LA INSURRECCIÓN ARMADA NO ES GOLPISMO CONTRARREVOLUCIONARIO por Iñaki Gil de San Vicente

A PROPÓSITO DE LA EDICIÓN DE NUESTRO PRÓXIMO LIBRO:
“LA INSURRECCIÓN ARMADA” de A NEUBERG (1928)

¿Por qué estudiar a Neuberg sobre la insurrección armada?
Iñaki Gil de San Vicente

Hay que estudiar a Neuberg por cuatro razones: una, porque fue sistemática-mente analizado por las fuerzas represivas burguesas, y es muy probable que lo esté siendo de nuevo; dos, porque el reformismo es irreconciliable con él; tres, porque su potencial revolucionario se está confirmando con el tiempo; y cuatro, porque es una necesidad ética. Neuberg es un pseudónimo que oculta a un colectivo de revolucionarios que dominaban el arte de la insurrección en la década de 1920, y que, bajo los auspicios de la Internacional Comunista, se unieron para escribir este fundamental libro, editado por primera vez en la Alemania de 1928, hace cerca de noventa años.

La-Insurreccion-Armada-A-Neuberg
Ediciones de Cultura Popular.
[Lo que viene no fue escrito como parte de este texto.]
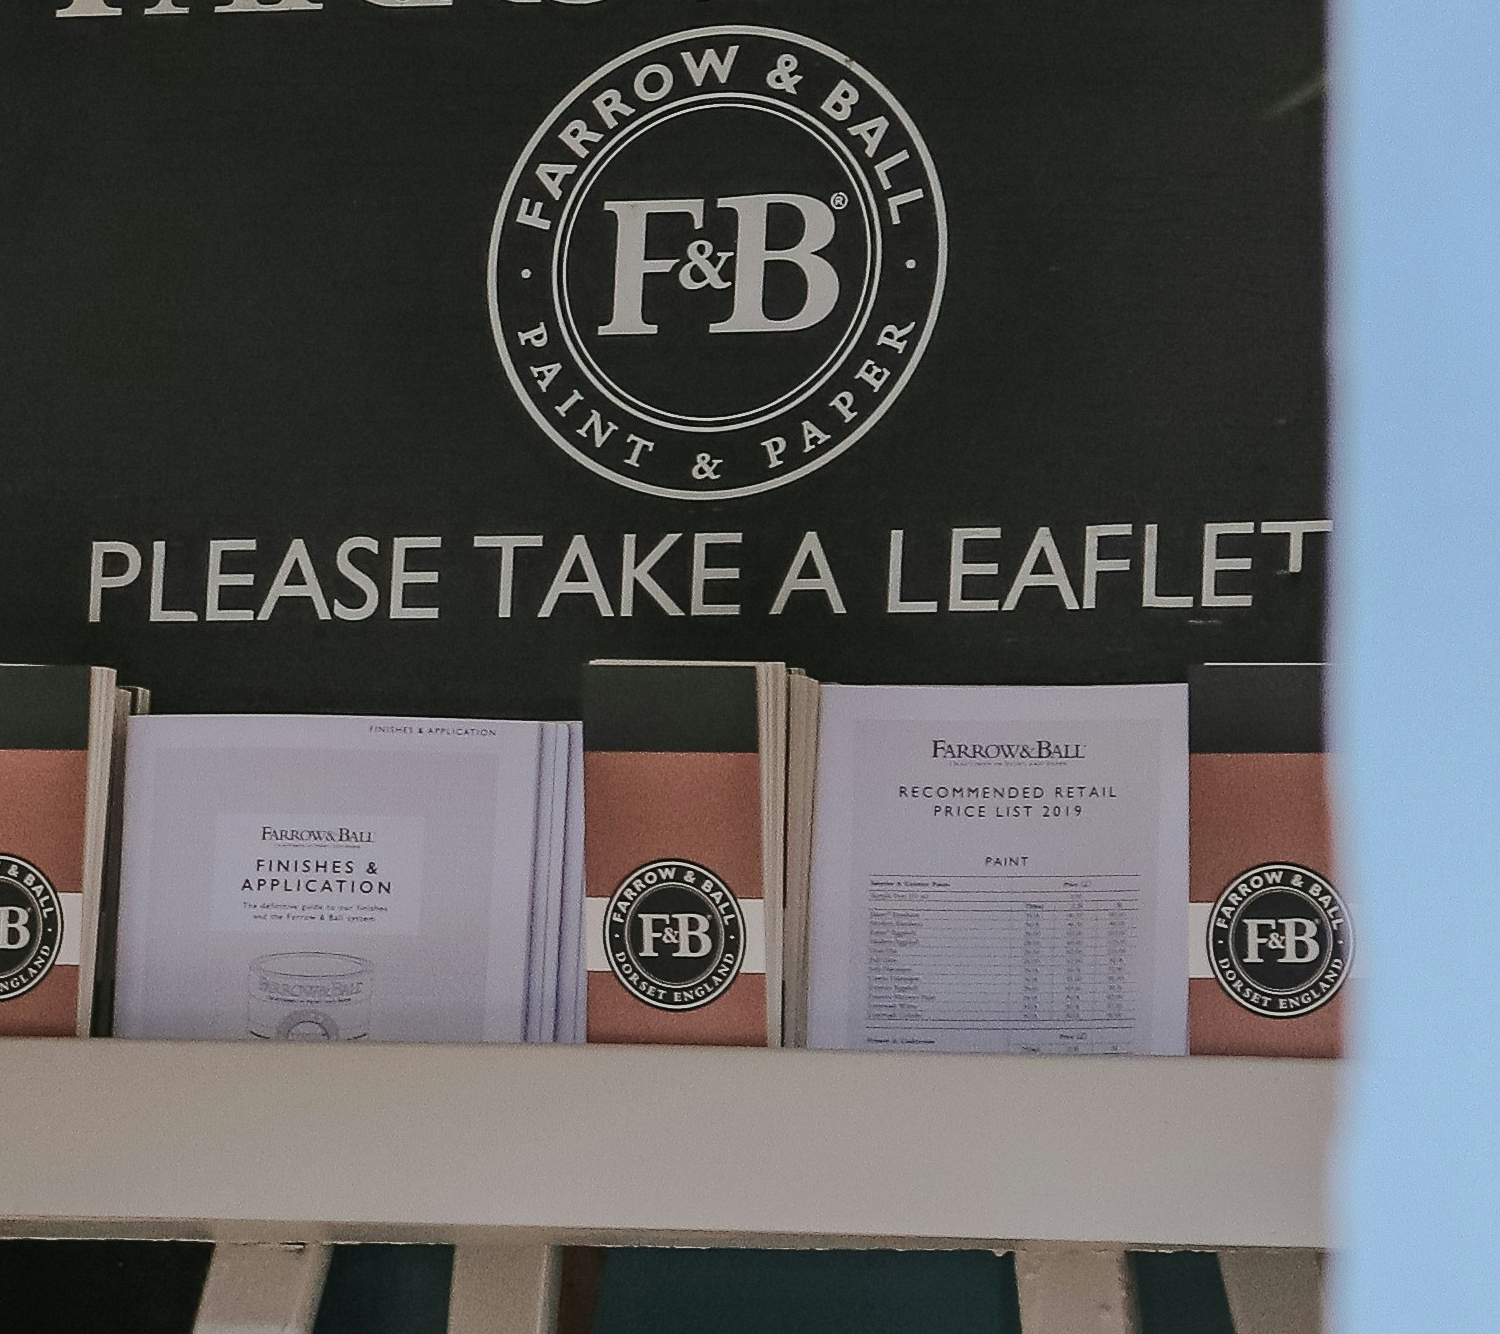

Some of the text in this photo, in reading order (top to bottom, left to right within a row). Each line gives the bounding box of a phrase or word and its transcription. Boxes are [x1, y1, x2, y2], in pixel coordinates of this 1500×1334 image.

México. 1973

Antes de seguir, hemos de avisar que el libro de Neuberg sólo se centra en el acto último armado, insurreccional, el estallido revolucionario, pero no desarrolla los complejos procesos previos, las fases anteriores, y menos todavía analiza, por razones obvias en aquella época, la interacción entre las formas insurreccionales finales y las luchas de liberación nacional. Sí, afirma la existencia de diversas formas insurreccionales: las armadas bien organizadas; las de masas populares mal organizadas, espontáneas; los pequeños golpes de las guerrillas; y las insurrecciones minoritarias, sin base popular, los putsch. También reconoce Neuberg que la insurrección armada es el final de un largo proceso muy complejo, con altibajos, con derrotas y retrocesos, pero no desarrolla estas ideas, y menos la dialéctica entre insurrecciones y luchas guerrilleras, especialmente las de liberación nacional.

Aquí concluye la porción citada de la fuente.